A variety of methods can be used to estimate the standard errors of performance standards or cut scores. Historically, these methods have ranged from classical methods based on the standard errors of mean panelist judgments (Jaeger, 1991) to more elaborate approaches based on generalizability theory (Yin and Sconing, 2008). Engelhard (2007) and his colleagues (Sullivan, Caines, Tucker, & Engelhard, 2008) recently described the use of Rasch measurement theory as a conceptual framework for evaluating the quality of panelist judgments within the context of bookmark and other item mapping based methods. The multifaceted Rasch measurement (MFR) model provides another approach for estimating the standard errors of performance standards. The MFR model can be used to model judgments collected from modified-Angoff procedures, as well as procedures based on item maps, such as bookmark and mapmark procedures (Schulz and Mitzel, in press).
Modified-Angoff and item-map based procedures are the two most popular methods for collecting judgments from standard-setting panelists (Cizek and Bunch, 2007).

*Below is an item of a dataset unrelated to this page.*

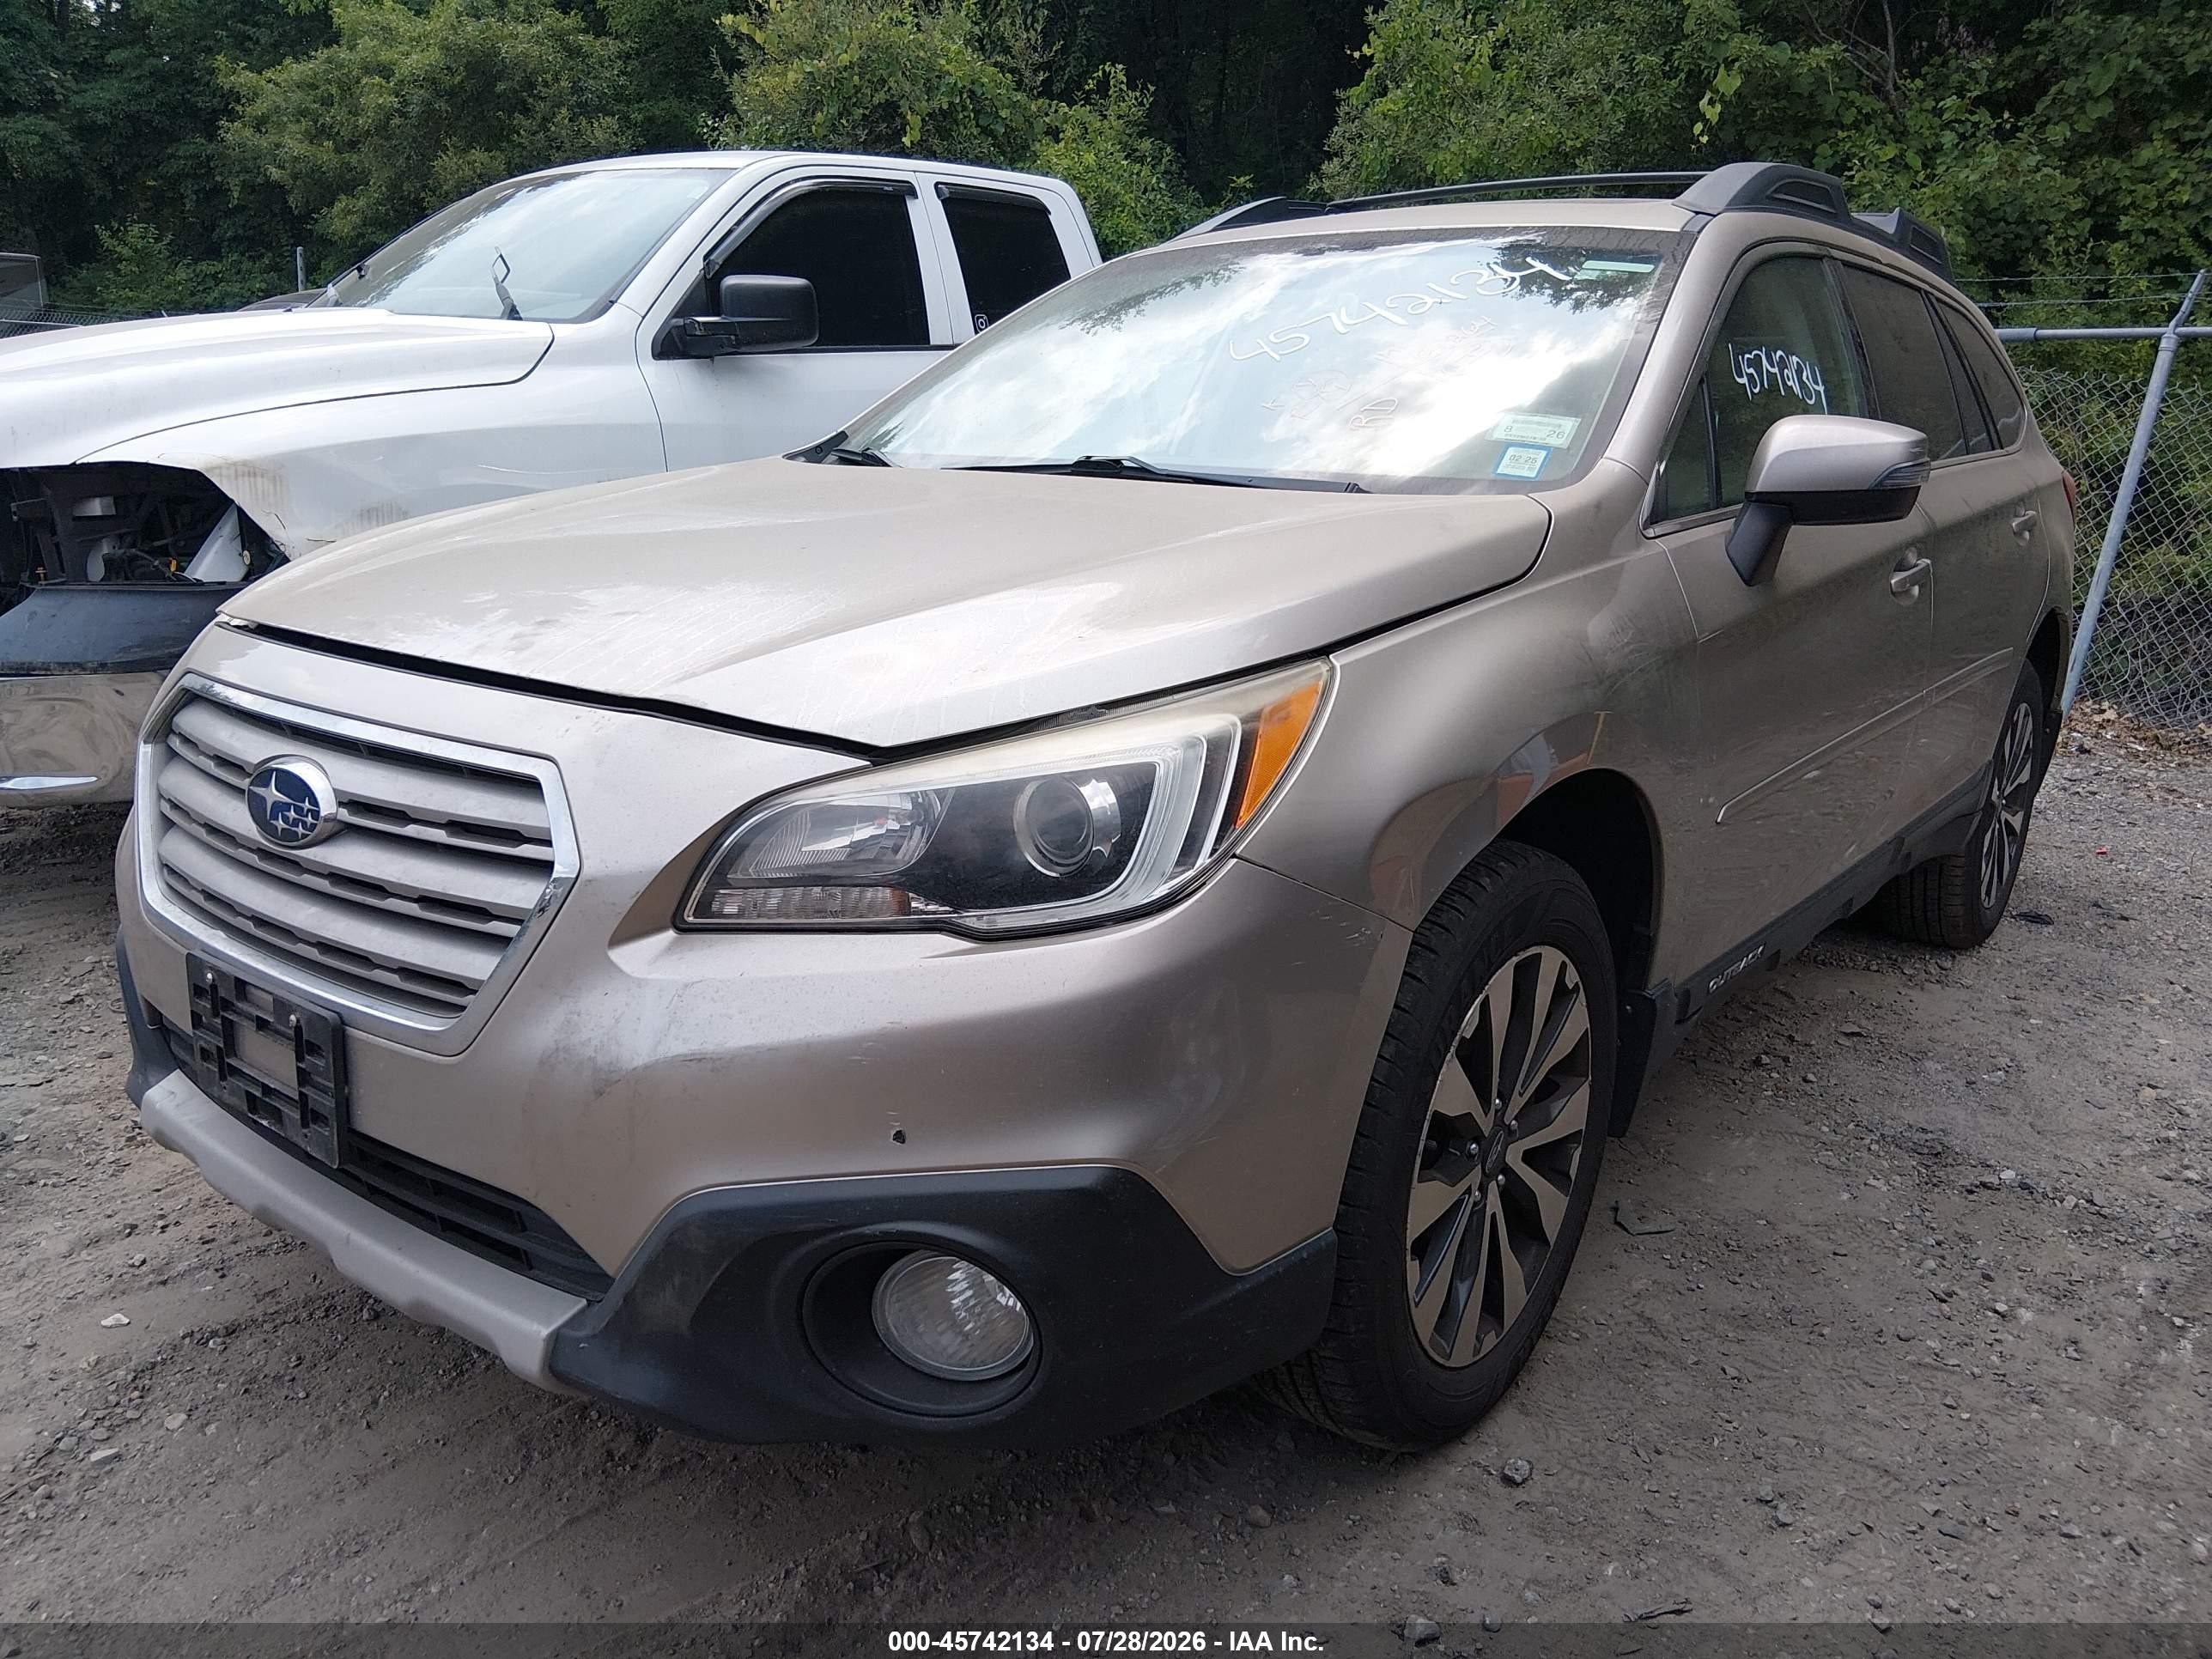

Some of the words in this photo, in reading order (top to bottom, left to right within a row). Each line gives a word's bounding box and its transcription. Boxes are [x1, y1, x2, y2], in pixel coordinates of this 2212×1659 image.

[1229, 257, 1572, 362] 45742134
[1728, 343, 1828, 415] 45742134
[1547, 429, 1565, 439] 26

The bookmark procedure (Mitzel, Lewis, Patz, and Green, 2001) is becoming the standard-setting method of choice in many statewide assessment programs. For example one possible MRM model for bookmark judgments is:
Ln [Pnijk / Pnijk-1] = qn - di - wj - tk [1]
where
Pnijk = probability of panelist n giving a bookmark rating of k on item i for round j,
Pnijk-1 = probability of rating of k-1,
qn = judged performance level for panelist n,
di = judged difficulty for item i,
wj = judged performance level for round j, and
tk = judged performance standard for bookmark rating category k relative to category k-1.
The rating category coefficients, tk, defines the performance standards or cut scores.
In order to illustrate the use of the MFR model for estimating standard errors, data from the Michigan Educational Assessment Program are used. (http://www.michigan.gov/mde/) There were 21 panelists on the standard-setting panel. The instrument examined in this study is the Grade 3 mathematics test used in the Michigan Educational Assessment Program (MEAP). The judgments were obtained based on a modified bookmark approach called Item Mapping. The standard-setting judgments were obtained in three separate rounds.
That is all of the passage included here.